Là non plus nous ne nous éterniserons pas. Après les formalités d'usage et bien sur la photo avec mon Henro préféré et sa barbe longue de 44 jours, nous allons prendre un dernier repas avec notre ami japonais. Une tempura udon soup dans le restaurant à côté du temple, ce qui nous permettra de prendre un répit de la pluie et de sécher nos vêtements.
On redescend par la route et on perd Masura de vue, qui a du prendre un autre chemin. Ashu pense faire un bon coup en voulant prendre un raccourci. Les pancartes ne m'inspirent que moyennement confiance mais Ashu semble sur de lui. On finit par se retrouver dans un cul-de-sac au bord d'un étang, ce qui me fait pester contre Ashu car nous avons marché 1/2 h de plus inutilement. Une brave dame qui nous revoit passer en sens inverse nous fait comprendre que nous étions dans la mauvaise direction. Il fallait continuer sur la route!
Nous arrivons quand même à 13h30 à l'onsen Shiroti, mon choix d'hébergement pour cette nuit. L'établissement est en pleine campagne, entouré de cerisiers en fleur. Nous rencontrons un groupe avec de jeunes trisomiques forts sympathiques qui quittent.la place.
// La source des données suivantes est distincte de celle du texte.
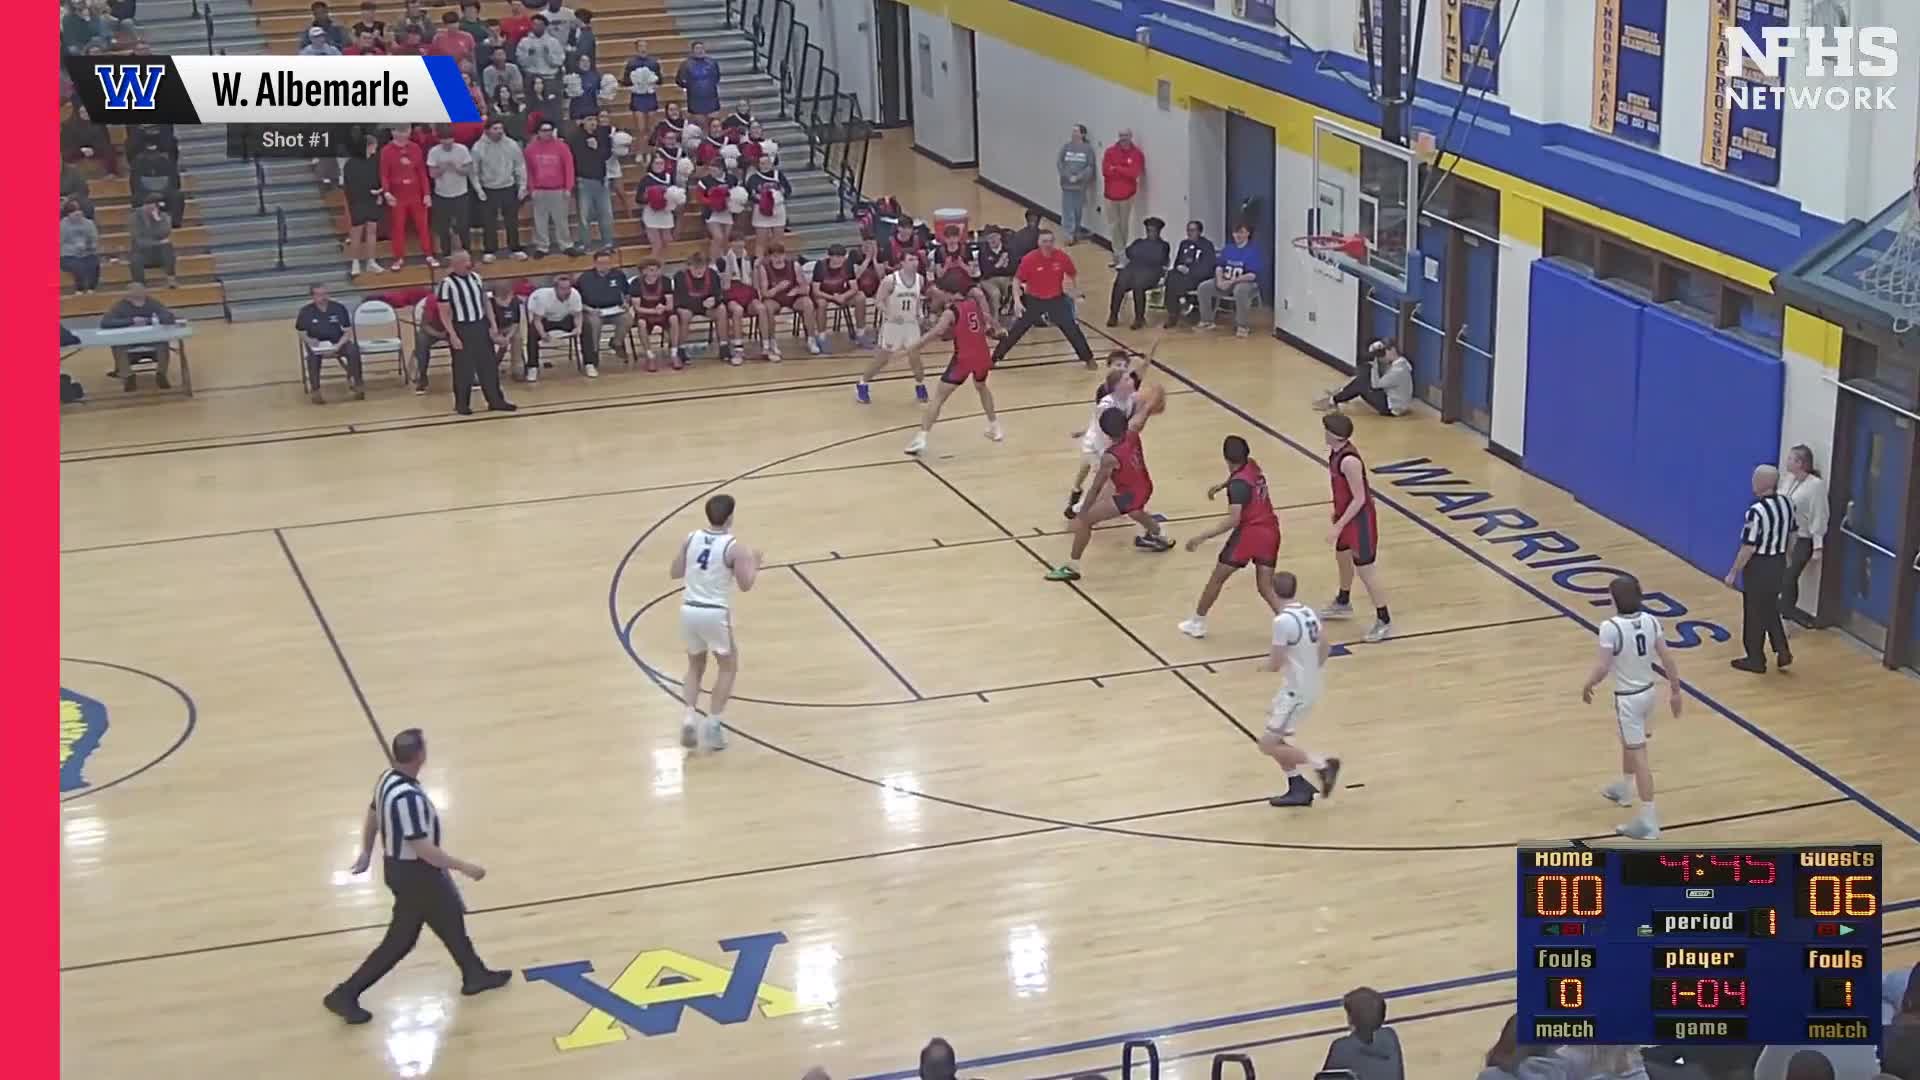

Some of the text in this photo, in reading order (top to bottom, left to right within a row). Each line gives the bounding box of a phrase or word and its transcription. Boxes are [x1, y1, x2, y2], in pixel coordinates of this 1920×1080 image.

L'onsen est un grand établissement et on profite doublement des bains thermaux: une fois en après-midi et après le souper. L'eau du 1er bain est à 42 degrés et sent le souffre. Elle laisse la peau toute douce. Le 2e bain est moins chaud et fait un peu jacuzzi. Je me prélasse et me délasse et profite aussi du sauna extrêmement chaud et avec beaucoup de vapeur. Je ne pouvais pas espérer mieux après cette journée. C'est la récompense du pèlerin!